The cigar-shaped, interstellar object passed through our solar system in 2017, but it was gone nearly as quickly as it arrived—making it one of, if not the, biggest space mysteries of recent years.
“I don’t know what Oumuamua is, but I want to find out,” said Jim Bickford, group leader and distinguished member of Draper’s technical staff. “And the only way I can see doing that in my lifetime is to build a spacecraft on an order of magnitude faster than anything before to go find Oumuamua and catch it.”
And that’s exactly what he is doing.
Bickford is leading the Thin Film Isotope Nuclear Engine Rocket (TFINER) project to develop a system for propelling a craft through space faster and farther than ever before. The project was selected for a 2024 NASA Innovative Advanced Concepts award, which is designed to nurture “visionary ideas that could transform future NASA missions with critical breakthroughs.”
Faster than a speeding bullet
TFINER is based on the concept of “thrust sheets,” which were originally proposed by Wolfgang Moeckel in the 1970s. Thrust sheets are thin films coated with radioactive isotopes that leverage nuclear decay to push items through space.
As radioactive isotopes decay, they emit “alpha” particles, some of which can travel as fast as 5 percent of the speed of light.

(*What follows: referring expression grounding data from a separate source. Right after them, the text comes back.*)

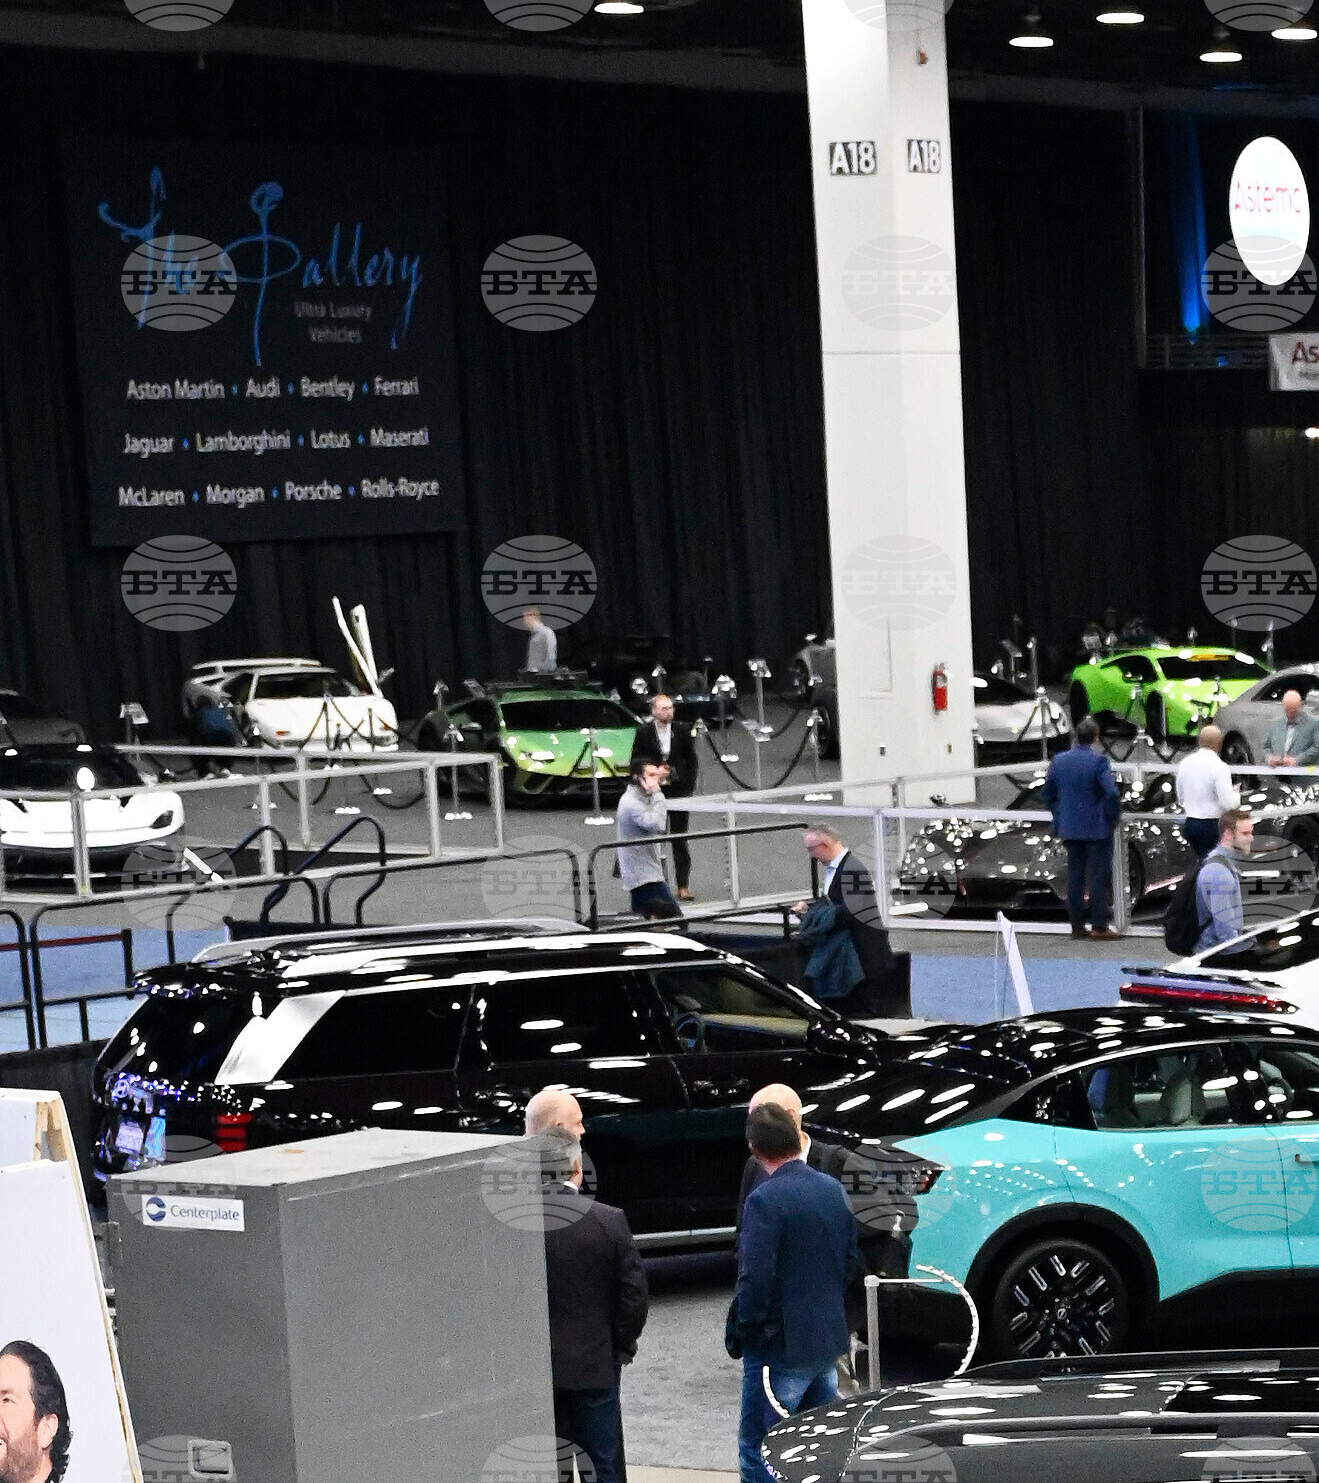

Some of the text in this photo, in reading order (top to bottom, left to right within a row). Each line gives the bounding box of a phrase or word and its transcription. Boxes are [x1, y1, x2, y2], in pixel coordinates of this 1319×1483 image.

[831, 141, 876, 174] A18
[908, 140, 941, 173] A18
[1234, 180, 1303, 214] Astemo
[126, 376, 419, 402] Aston Martin Audi Bentley Ferrari
[124, 427, 429, 459] Jaguar Lamborghini Lotus Maserati
[118, 477, 439, 509] McLaren Morgan Porsche Rolls-Royce
[171, 1204, 240, 1221] Centerplate

“This is tremendously fast compared to a conventional chemical rocket and allows us to push payloads at a velocity of almost 100 kilometers a second,” said Bickford, adding that a conventional rocket would need to have a mass greater than the global human population to operate that fast.
Layering different isotopes can create decay chains that can drive a ship faster and farther than ever before, and the TFINER project is working to determine the right mix of radioactive isotopes to fuel the thrust sheets for extended space travel.
Thick, but not too thick
The other key component to TFINER is optimizing the size of the thrust sheets. To create propulsion, thrust sheets use various substrate materials to fine-tune the direction the decaying alpha particles go. Essentially, the substrates create a wall that the alpha particles push against.

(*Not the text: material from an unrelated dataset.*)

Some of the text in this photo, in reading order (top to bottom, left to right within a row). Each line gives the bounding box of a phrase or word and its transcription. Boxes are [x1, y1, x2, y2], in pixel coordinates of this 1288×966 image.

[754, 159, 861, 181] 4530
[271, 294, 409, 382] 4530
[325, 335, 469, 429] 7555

Without these substrates, the isotopes would decay in all directions, and the ship would essentially remain stationary in space.

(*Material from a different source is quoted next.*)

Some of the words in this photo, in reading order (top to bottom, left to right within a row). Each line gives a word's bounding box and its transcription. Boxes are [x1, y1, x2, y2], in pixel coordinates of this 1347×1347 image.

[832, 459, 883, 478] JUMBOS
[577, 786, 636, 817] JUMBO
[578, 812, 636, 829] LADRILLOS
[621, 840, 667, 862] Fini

This means that the substrates must be thick and strong enough to hold up against the alpha particles but not add too much mass that will slow the craft’s speed. Bickford’s current estimate puts the substrate sheets around 35 microns – about as thick as the skin of an onion.
With sheets that thin, the TFINER system results in an incredibly small craft – small enough to fit in the back of a pickup truck, making it relatively easy to launch into space.
Catching oumuamua
Using current space technology, a conventional spacecraft would never be able to reach Oumuamua. TFINER enables a spacecraft to get there in not much more than a decade, allowing Bickford and others to better understand the strange object.
By opening the door to faster, farther space travel, TFINER gives researchers more opportunities to understand our solar system, galaxy and more. The technology can be applied to a range of other missions. TFINER is an ideal option for getting sensors to something called the solar gravitational focal line allowing researchers to directly see and image exoplanets orbiting other solar systems.
And Bickford may finally be able to answer his questions about Oumuamua.